Reproduce the lines of the material exactly, excluding every image.
Dataset extract Block Start
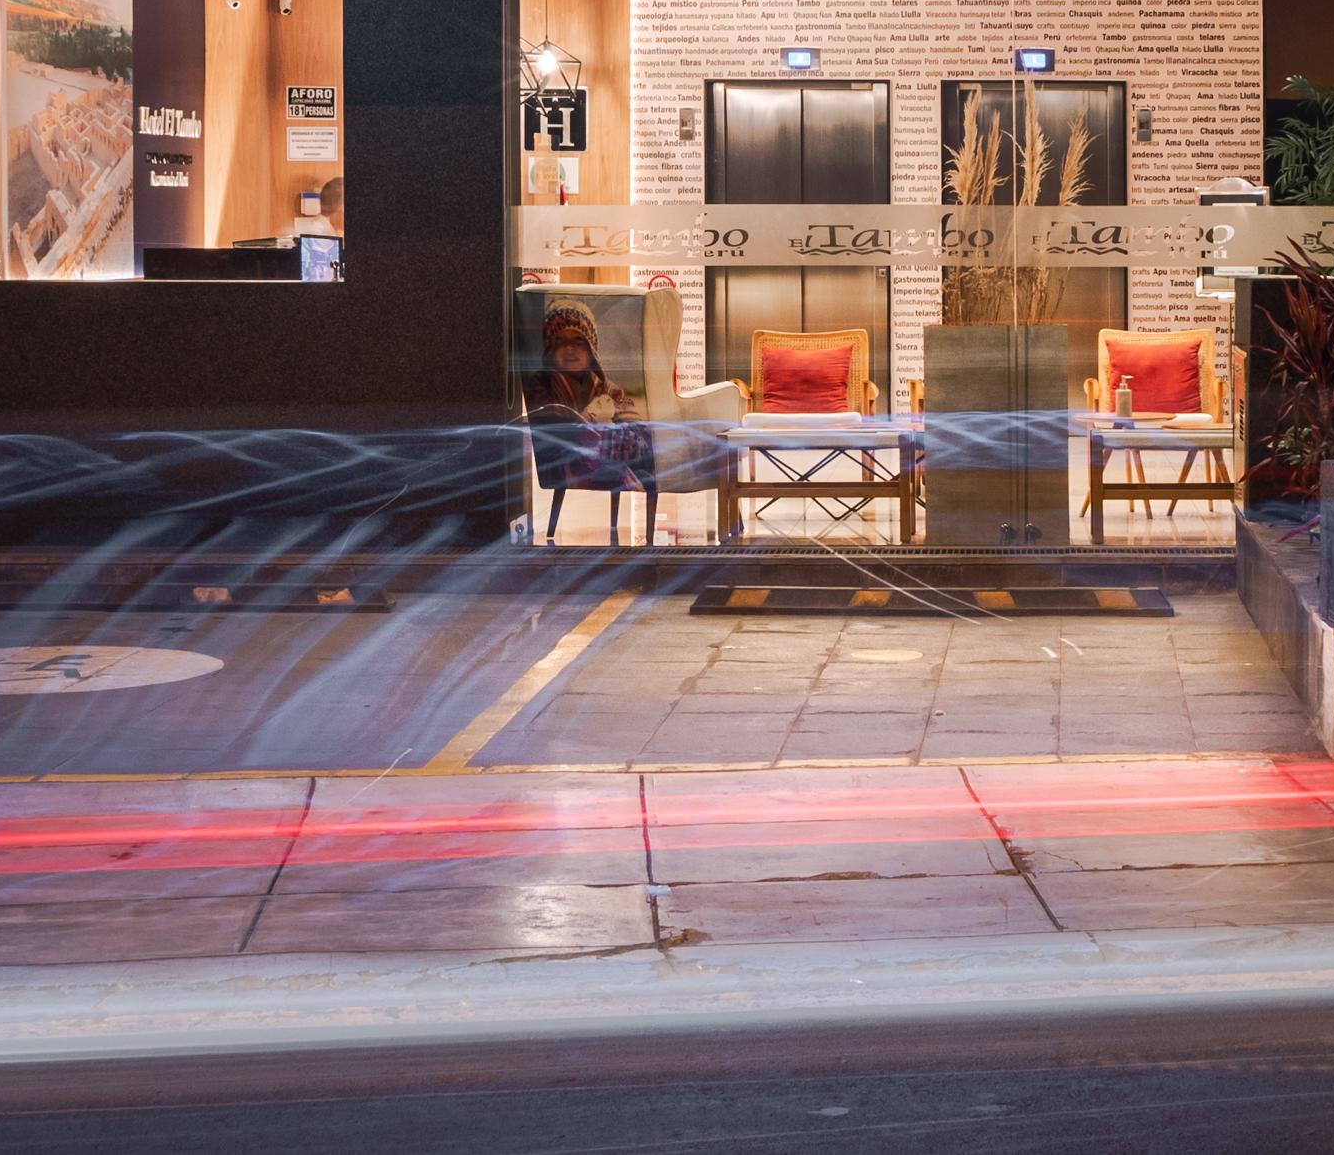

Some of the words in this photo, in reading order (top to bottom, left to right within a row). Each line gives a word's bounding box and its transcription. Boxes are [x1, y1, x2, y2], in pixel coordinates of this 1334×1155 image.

[652, 0, 667, 10] Apu
[742, 0, 759, 7] Perú
[761, 11, 775, 21] Apu
[901, 10, 921, 18] Llulla
[1069, 10, 1103, 19] Chasquis
[652, 23, 677, 32] tejidos
[1141, 22, 1166, 31] quinoa
[1192, 22, 1215, 31] piedra
[794, 34, 809, 44] Apu
[909, 33, 929, 41] Llulla
[935, 33, 950, 41] arte
[1103, 33, 1126, 41] Tambo
[1199, 33, 1225, 41] telares
[875, 46, 895, 55] pisco
[968, 45, 985, 53] Tumi
[1063, 45, 1077, 54] Apu
[1156, 45, 1179, 54] quella
[1203, 44, 1223, 53] Llulla
[680, 58, 701, 66] fibras
[856, 57, 872, 65] Ama
[874, 57, 888, 65] Sua
[751, 70, 776, 78] telares
[1096, 68, 1111, 76] lana
[1182, 68, 1218, 76] Viracocha
[917, 82, 937, 90] Llulla
[1234, 80, 1260, 88] telares
[291, 88, 333, 99] AFORO
[1131, 92, 1145, 101] Apu
[1240, 91, 1260, 99] Llulla
[289, 105, 305, 116] 181
[305, 106, 334, 117] PERSONAS
[651, 105, 676, 113] telares
[1219, 103, 1240, 111] fibras
[1192, 115, 1216, 125] piedra
[1241, 115, 1260, 125] pisco
[1200, 127, 1234, 137] Chasquis
[664, 139, 686, 147] Andes
[1185, 138, 1209, 148] Quella
[895, 149, 920, 159] quinoa
[1218, 151, 1260, 160] chinchaysuyo
[661, 162, 683, 170] fibras
[918, 162, 938, 172] pisco
[1196, 162, 1218, 170] Sierra
[1221, 163, 1239, 172] quipu
[1244, 163, 1260, 172] pisco
[658, 174, 683, 184] quinoa
[892, 173, 915, 182] piedra
[678, 186, 701, 196] piedra
[807, 212, 995, 248] Tambo
[1153, 268, 1167, 277] Apu
[680, 280, 703, 289] piedra
[1171, 279, 1194, 287] Tambo
[894, 287, 922, 297] Imperio
[923, 287, 939, 295] inca
[1169, 303, 1188, 312] pisco
[1174, 314, 1190, 322] Ama
[1193, 315, 1216, 324] quella
Dataset extract Block End
§ Problem solution:
Some of the words in this photo, in reading order (top to bottom, left to right within a row). Each line gives a word's bounding box and its transcription. Boxes are [x1, y1, x2, y2], in pixel coordinates of this 1334×1155 image.

[652, 0, 667, 10] Apu
[742, 0, 759, 7] Perú
[761, 11, 775, 21] Apu
[901, 10, 921, 18] Llulla
[1069, 10, 1103, 19] Chasquis
[652, 23, 677, 32] tejidos
[1141, 22, 1166, 31] quinoa
[1192, 22, 1215, 31] piedra
[794, 34, 809, 44] Apu
[909, 33, 929, 41] Llulla
[935, 33, 950, 41] arte
[1103, 33, 1126, 41] Tambo
[1199, 33, 1225, 41] telares
[875, 46, 895, 55] pisco
[968, 45, 985, 53] Tumi
[1063, 45, 1077, 54] Apu
[1156, 45, 1179, 54] quella
[1203, 44, 1223, 53] Llulla
[680, 58, 701, 66] fibras
[856, 57, 872, 65] Ama
[874, 57, 888, 65] Sua
[751, 70, 776, 78] telares
[1096, 68, 1111, 76] lana
[1182, 68, 1218, 76] Viracocha
[917, 82, 937, 90] Llulla
[1234, 80, 1260, 88] telares
[291, 88, 333, 99] AFORO
[1131, 92, 1145, 101] Apu
[1240, 91, 1260, 99] Llulla
[289, 105, 305, 116] 181
[305, 106, 334, 117] PERSONAS
[651, 105, 676, 113] telares
[1219, 103, 1240, 111] fibras
[1192, 115, 1216, 125] piedra
[1241, 115, 1260, 125] pisco
[1200, 127, 1234, 137] Chasquis
[664, 139, 686, 147] Andes
[1185, 138, 1209, 148] Quella
[895, 149, 920, 159] quinoa
[1218, 151, 1260, 160] chinchaysuyo
[661, 162, 683, 170] fibras
[918, 162, 938, 172] pisco
[1196, 162, 1218, 170] Sierra
[1221, 163, 1239, 172] quipu
[1244, 163, 1260, 172] pisco
[658, 174, 683, 184] quinoa
[892, 173, 915, 182] piedra
[678, 186, 701, 196] piedra
[807, 212, 995, 248] Tambo
[1153, 268, 1167, 277] Apu
[680, 280, 703, 289] piedra
[1171, 279, 1194, 287] Tambo
[894, 287, 922, 297] Imperio
[923, 287, 939, 295] inca
[1169, 303, 1188, 312] pisco
[1174, 314, 1190, 322] Ama
[1193, 315, 1216, 324] quella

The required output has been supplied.